Yet, for all these unseen scripts and shared, often desperate, hungers, there is another truth, one that resonates deeply with understanding. Perhaps, underneath the surface, lies the profound potential for compassion. The next time you encounter a person acting aggressively, quick to anger over something you find normal, or perhaps a partner who seems overly secure, almost dismissive of your vulnerabilities, or conversely, someone intensely clingy, suffocating in their need for reassurance – pause. Don’t let irritation or anger be your first response.

Take a moment to step outside yourself, to observe, to remember the divergent paths we walk. That person, for all their challenging exterior, could be as kind, as inherently good, as deeply human as you. They are likely fighting an internal battle, wrestling with a devil forged in their own crucible of early experiences. Imagine a student in a lecture hall, suddenly thrown back to a violent memory by a teacher’s strict tone; it’s a waking nightmare for them, their mind going blank, a wave of suffocation hitting, wishing for an escape. Or consider someone attempting to approach you, hesitant and awkward, not because they are uncaring, but because they have never truly learned the language of emotional intimacy, never practiced the delicate dance of open interaction. Another might project an air of impenetrable strictness, a rigid control born from an early life of chaos, believing it’s the only way to keep their world from unraveling.

When you encounter an annoying person, someone whose very presence grates on your nerves, remember that inherited blueprint. You don’t need to engage them, to solve their struggles, or even to pretend to enjoy their company. If their energy feels draining, simply create distance. Don’t add your hate or strain to their already heavy load. Let them be. Let them live, let them navigate their own suffering, for in every harsh word, every defensive posture, every desperate grasp for control or connection, lies a story you may never fully know, but one that undeniably began at birth, long before you ever met. In those moments, choosing not to retaliate, choosing quiet space over contributing to the cycle of pain, is perhaps the most profound act of empathy we can offer.

 

 

Through all of history, the prophets, the philosophers, the kings who walked paths of ultimate power or enlightenment. From Jesus to Krishna, from the Buddha to the greatest emperors, they all, in the final act, faced death alone. A stark, undeniable solitude at the ultimate threshold, even for the most impactful lives, a universal truth that echoes through the ages – the profound, ultimate aloneness of individual transcendence.

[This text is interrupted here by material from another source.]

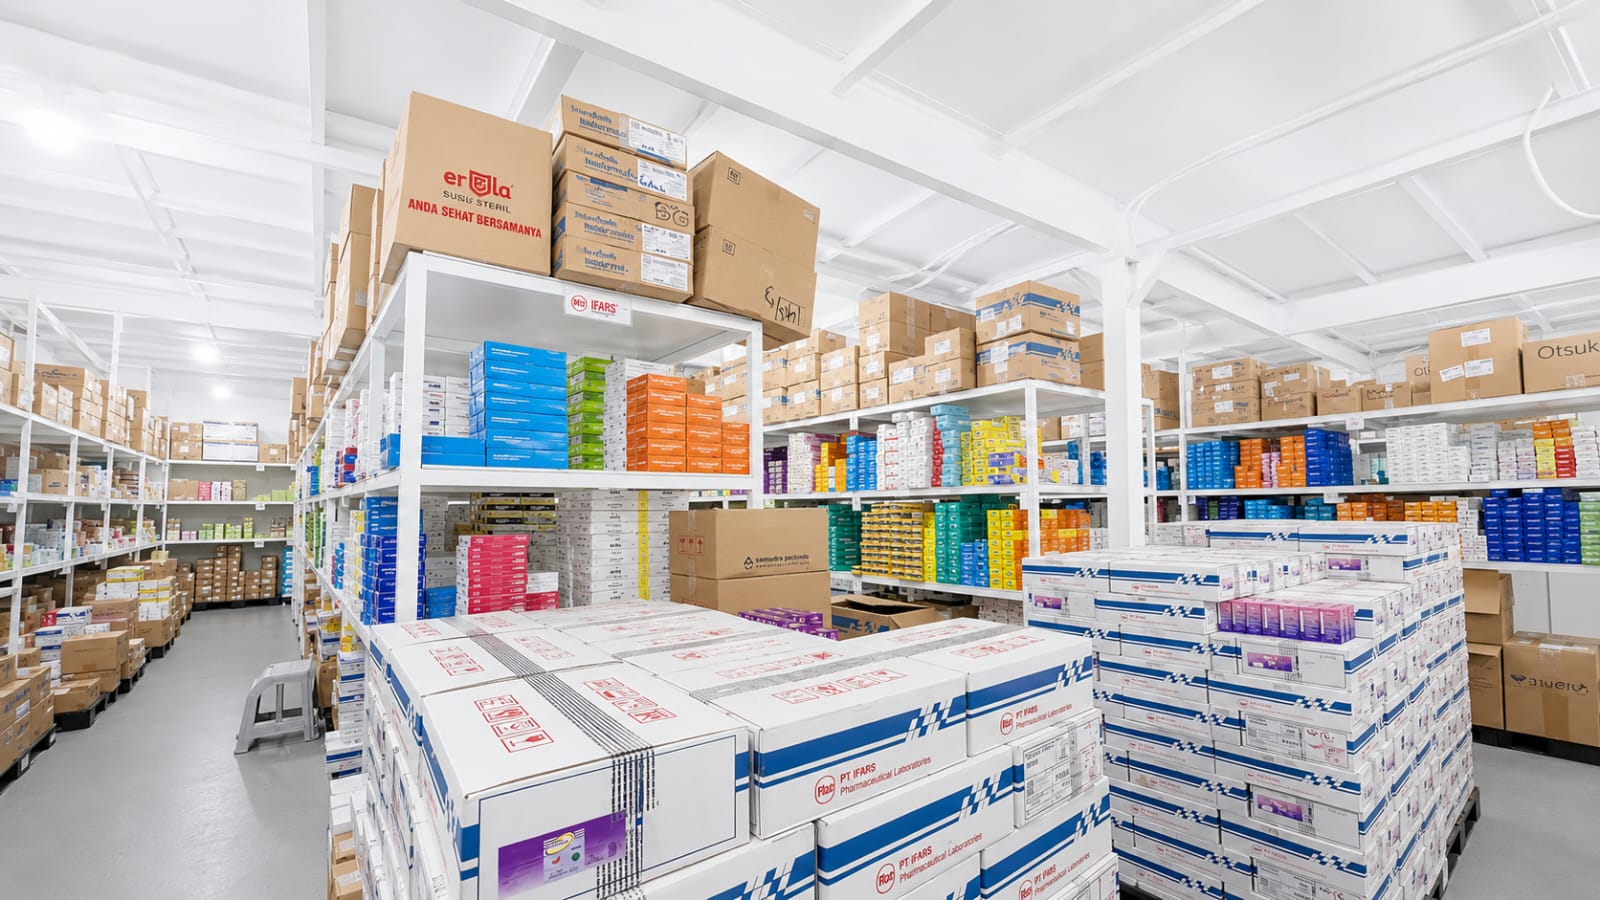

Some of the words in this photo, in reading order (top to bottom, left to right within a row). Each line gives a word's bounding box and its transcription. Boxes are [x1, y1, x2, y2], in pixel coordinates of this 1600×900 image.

Yet, as we navigate our own imperfect, messy, human existence, a different kind of truth begins to emerge, one that feels far more real, far more tangible than any solitary ascent. Perhaps the grandest triumph isn’t found in individual glory, but in the humble, shared journey. Perhaps the deepest satisfaction doesn’t come from a divine revelation experienced alone, but from the simple, unbreakable bond forged with another human heart. Imagine, if you will, sharing a table in a grand, stone hall, firelight dancing on the faces of old friends, their hair a mix of black and white, battle-hardened and wise, the air rich with camaraderie. Outside, horses stand testament to journeys taken, and worn leather boots speak of countless paths walked together. It is in such moments, reflecting on the profound, mutual wealth of simply being seen and held by another, that a fierce, quiet pride takes root, a conviction so absolute it feels like insight granted from beyond.

“All your revered figures, all your divine emissaries, they may have died alone. But I, a mere human, earned this human, this rich and good fortune, a bond more precious than any solitary ascent to glory. I have earned the right to look into the very eye of God and declare this.”

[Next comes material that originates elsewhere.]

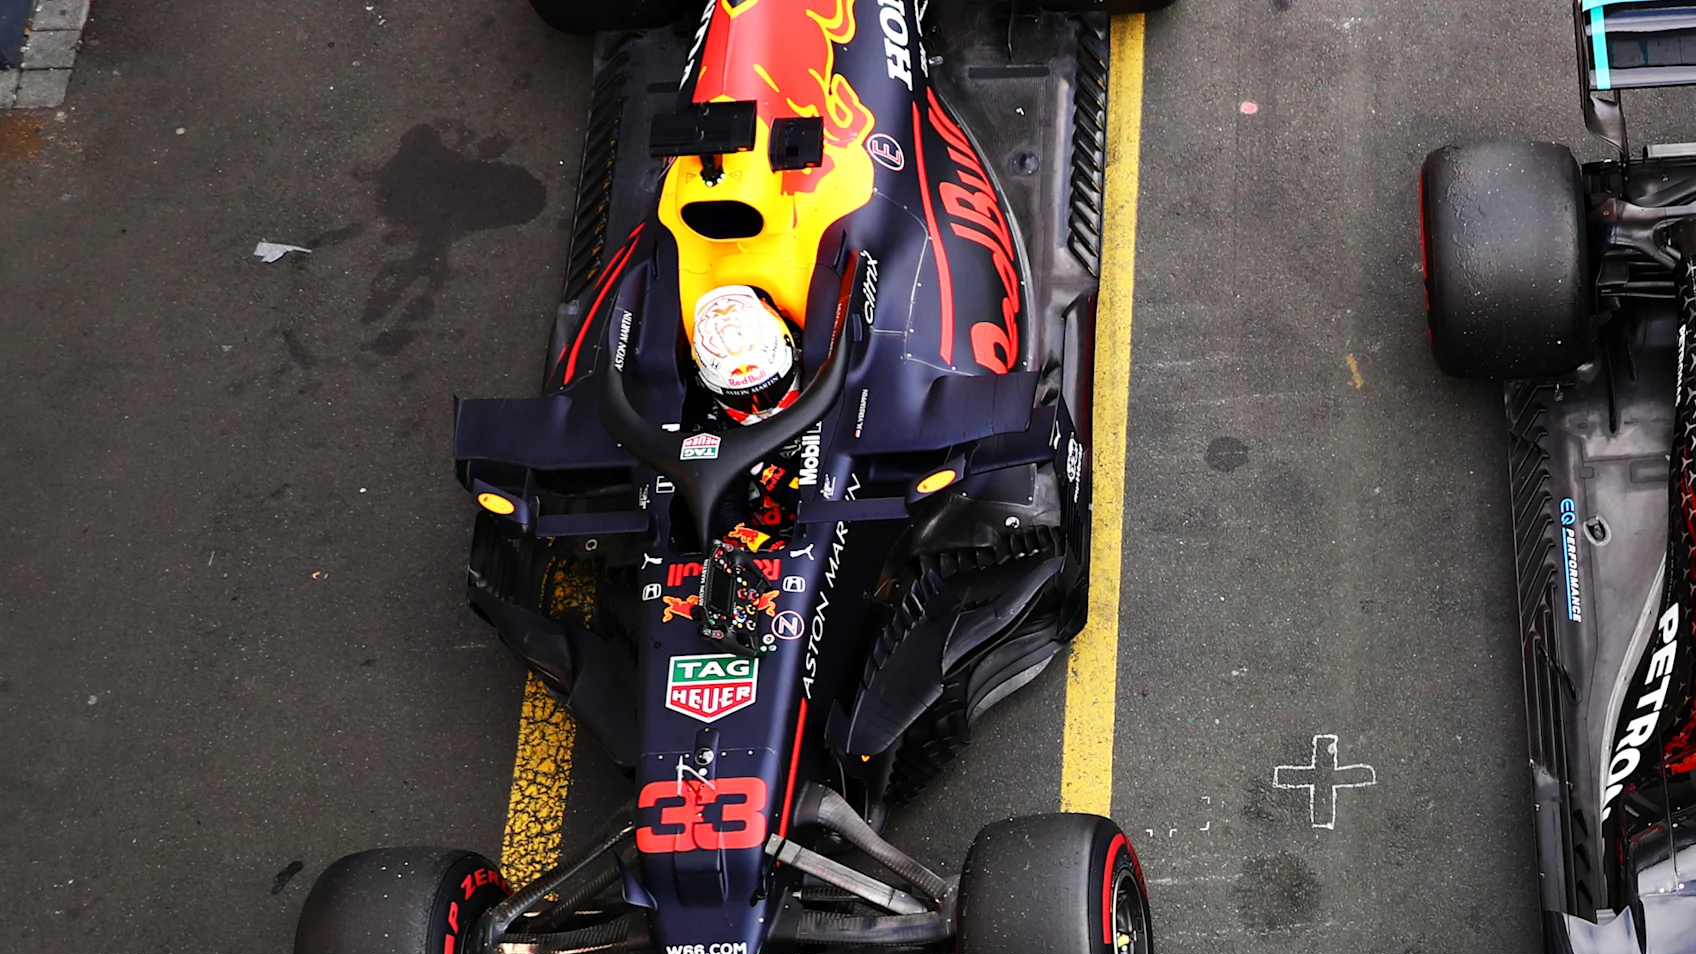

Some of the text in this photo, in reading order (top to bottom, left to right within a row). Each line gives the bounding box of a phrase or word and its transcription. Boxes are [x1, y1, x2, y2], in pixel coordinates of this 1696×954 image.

This realization simplifies everything, strips away the unnecessary. We are not meant to betray, to hate, to damage one another for fleeting pleasure or perceived slights. When you find that rare soul, that person who loves you and respects you, cherish them. Communicate openly, striving to understand their emotional state, to grow together. You cannot be a parent to everyone, nor can you solve all the world’s inherited traumas, but you can offer that bedrock of mutual respect and presence to those who choose to walk alongside you.

Life, ultimately, isn’t as hard as we often make it. Our relentless pursuit of external aims often complicates what could be a simpler, richer existence. Yet, when you find yourself on a difficult path, when life feels hard, remember it is your path. Live it fiercely, work it diligently. This is the journey you chose, or perhaps the one you inherited, but it is yours to shape. Never divert from the authenticity of your own experience, for in embracing it, in striving for genuine connection amidst the chaos of conditioned responses, you find not an end, but a profound, ongoing beginning. The greatest triumph, the most invaluable fortune, is to earn, and to truly hold, another human heart.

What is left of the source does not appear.